* _TASK DETAILS_
Send back all of the data, word for word.

Records from a data collection
────────────────────────────────────────
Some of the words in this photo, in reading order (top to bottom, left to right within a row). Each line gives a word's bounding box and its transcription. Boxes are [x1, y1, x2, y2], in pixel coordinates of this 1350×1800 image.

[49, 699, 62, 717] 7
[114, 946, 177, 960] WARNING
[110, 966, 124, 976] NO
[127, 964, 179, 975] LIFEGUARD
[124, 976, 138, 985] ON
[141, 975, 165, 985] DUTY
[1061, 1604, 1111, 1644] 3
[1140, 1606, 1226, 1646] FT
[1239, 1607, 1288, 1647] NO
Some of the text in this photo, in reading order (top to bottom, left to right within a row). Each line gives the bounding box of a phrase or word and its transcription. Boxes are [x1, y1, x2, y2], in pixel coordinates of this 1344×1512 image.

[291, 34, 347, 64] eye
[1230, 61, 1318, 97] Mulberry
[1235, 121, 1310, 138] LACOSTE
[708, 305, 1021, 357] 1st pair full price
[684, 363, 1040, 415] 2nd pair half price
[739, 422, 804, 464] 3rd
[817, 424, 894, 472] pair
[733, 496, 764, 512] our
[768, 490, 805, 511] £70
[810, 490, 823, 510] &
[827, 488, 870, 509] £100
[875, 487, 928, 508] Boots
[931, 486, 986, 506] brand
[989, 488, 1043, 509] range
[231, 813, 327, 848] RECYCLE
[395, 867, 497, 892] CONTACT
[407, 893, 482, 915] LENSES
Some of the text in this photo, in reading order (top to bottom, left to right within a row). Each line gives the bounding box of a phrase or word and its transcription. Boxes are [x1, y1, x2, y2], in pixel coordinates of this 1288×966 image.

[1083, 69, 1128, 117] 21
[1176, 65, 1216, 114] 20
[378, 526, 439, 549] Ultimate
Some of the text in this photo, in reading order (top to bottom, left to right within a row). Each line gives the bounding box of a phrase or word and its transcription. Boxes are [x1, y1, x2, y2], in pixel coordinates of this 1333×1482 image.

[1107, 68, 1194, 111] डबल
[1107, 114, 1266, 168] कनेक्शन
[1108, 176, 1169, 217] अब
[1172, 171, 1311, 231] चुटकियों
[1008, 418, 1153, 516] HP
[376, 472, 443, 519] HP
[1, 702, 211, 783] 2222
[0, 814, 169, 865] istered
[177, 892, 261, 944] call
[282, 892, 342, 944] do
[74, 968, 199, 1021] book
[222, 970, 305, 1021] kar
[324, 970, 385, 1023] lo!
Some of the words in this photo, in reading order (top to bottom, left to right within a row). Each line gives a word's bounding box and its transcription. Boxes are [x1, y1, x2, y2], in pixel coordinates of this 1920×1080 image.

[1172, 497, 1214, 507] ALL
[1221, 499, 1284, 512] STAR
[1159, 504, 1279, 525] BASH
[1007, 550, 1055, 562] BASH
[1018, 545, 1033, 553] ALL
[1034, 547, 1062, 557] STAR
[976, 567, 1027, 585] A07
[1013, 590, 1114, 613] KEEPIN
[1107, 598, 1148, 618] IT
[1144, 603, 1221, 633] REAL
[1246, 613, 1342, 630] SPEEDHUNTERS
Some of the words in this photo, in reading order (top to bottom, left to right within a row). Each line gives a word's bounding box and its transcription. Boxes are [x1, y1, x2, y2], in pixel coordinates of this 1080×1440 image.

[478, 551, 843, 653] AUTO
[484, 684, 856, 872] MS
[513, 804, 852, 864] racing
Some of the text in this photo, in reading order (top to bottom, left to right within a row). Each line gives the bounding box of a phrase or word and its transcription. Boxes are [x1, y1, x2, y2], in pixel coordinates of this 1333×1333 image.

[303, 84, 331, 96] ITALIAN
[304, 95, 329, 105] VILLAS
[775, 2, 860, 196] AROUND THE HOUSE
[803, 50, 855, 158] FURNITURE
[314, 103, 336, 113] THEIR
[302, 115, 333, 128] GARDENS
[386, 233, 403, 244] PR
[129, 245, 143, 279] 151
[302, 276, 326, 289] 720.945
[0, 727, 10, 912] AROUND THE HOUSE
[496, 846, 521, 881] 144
────────────────────────────────────────
* _COMPLETED TASK_
Some of the words in this photo, in reading order (top to bottom, left to right within a row). Each line gives a word's bounding box and its transcription. Boxes are [x1, y1, x2, y2], in pixel coordinates of this 1350×1800 image.

[49, 699, 62, 717] 7
[114, 946, 177, 960] WARNING
[110, 966, 124, 976] NO
[127, 964, 179, 975] LIFEGUARD
[124, 976, 138, 985] ON
[141, 975, 165, 985] DUTY
[1061, 1604, 1111, 1644] 3
[1140, 1606, 1226, 1646] FT
[1239, 1607, 1288, 1647] NO
Some of the text in this photo, in reading order (top to bottom, left to right within a row). Each line gives the bounding box of a phrase or word and its transcription. Boxes are [x1, y1, x2, y2], in pixel coordinates of this 1344×1512 image.

[291, 34, 347, 64] eye
[1230, 61, 1318, 97] Mulberry
[1235, 121, 1310, 138] LACOSTE
[708, 305, 1021, 357] 1st pair full price
[684, 363, 1040, 415] 2nd pair half price
[739, 422, 804, 464] 3rd
[817, 424, 894, 472] pair
[733, 496, 764, 512] our
[768, 490, 805, 511] £70
[810, 490, 823, 510] &
[827, 488, 870, 509] £100
[875, 487, 928, 508] Boots
[931, 486, 986, 506] brand
[989, 488, 1043, 509] range
[231, 813, 327, 848] RECYCLE
[395, 867, 497, 892] CONTACT
[407, 893, 482, 915] LENSES
Some of the text in this photo, in reading order (top to bottom, left to right within a row). Each line gives the bounding box of a phrase or word and its transcription. Boxes are [x1, y1, x2, y2], in pixel coordinates of this 1288×966 image.

[1083, 69, 1128, 117] 21
[1176, 65, 1216, 114] 20
[378, 526, 439, 549] Ultimate
Some of the text in this photo, in reading order (top to bottom, left to right within a row). Each line gives the bounding box of a phrase or word and its transcription. Boxes are [x1, y1, x2, y2], in pixel coordinates of this 1333×1482 image.

[1107, 68, 1194, 111] डबल
[1107, 114, 1266, 168] कनेक्शन
[1108, 176, 1169, 217] अब
[1172, 171, 1311, 231] चुटकियों
[1008, 418, 1153, 516] HP
[376, 472, 443, 519] HP
[1, 702, 211, 783] 2222
[0, 814, 169, 865] istered
[177, 892, 261, 944] call
[282, 892, 342, 944] do
[74, 968, 199, 1021] book
[222, 970, 305, 1021] kar
[324, 970, 385, 1023] lo!
Some of the words in this photo, in reading order (top to bottom, left to right within a row). Each line gives a word's bounding box and its transcription. Boxes are [x1, y1, x2, y2], in pixel coordinates of this 1920×1080 image.

[1172, 497, 1214, 507] ALL
[1221, 499, 1284, 512] STAR
[1159, 504, 1279, 525] BASH
[1007, 550, 1055, 562] BASH
[1018, 545, 1033, 553] ALL
[1034, 547, 1062, 557] STAR
[976, 567, 1027, 585] A07
[1013, 590, 1114, 613] KEEPIN
[1107, 598, 1148, 618] IT
[1144, 603, 1221, 633] REAL
[1246, 613, 1342, 630] SPEEDHUNTERS
Some of the words in this photo, in reading order (top to bottom, left to right within a row). Each line gives a word's bounding box and its transcription. Boxes are [x1, y1, x2, y2], in pixel coordinates of this 1080×1440 image.

[478, 551, 843, 653] AUTO
[484, 684, 856, 872] MS
[513, 804, 852, 864] racing
Some of the text in this photo, in reading order (top to bottom, left to right within a row). Each line gives the bounding box of a phrase or word and its transcription. Boxes are [x1, y1, x2, y2], in pixel coordinates of this 1333×1333 image.

[303, 84, 331, 96] ITALIAN
[304, 95, 329, 105] VILLAS
[775, 2, 860, 196] AROUND THE HOUSE
[803, 50, 855, 158] FURNITURE
[314, 103, 336, 113] THEIR
[302, 115, 333, 128] GARDENS
[386, 233, 403, 244] PR
[129, 245, 143, 279] 151
[302, 276, 326, 289] 720.945
[0, 727, 10, 912] AROUND THE HOUSE
[496, 846, 521, 881] 144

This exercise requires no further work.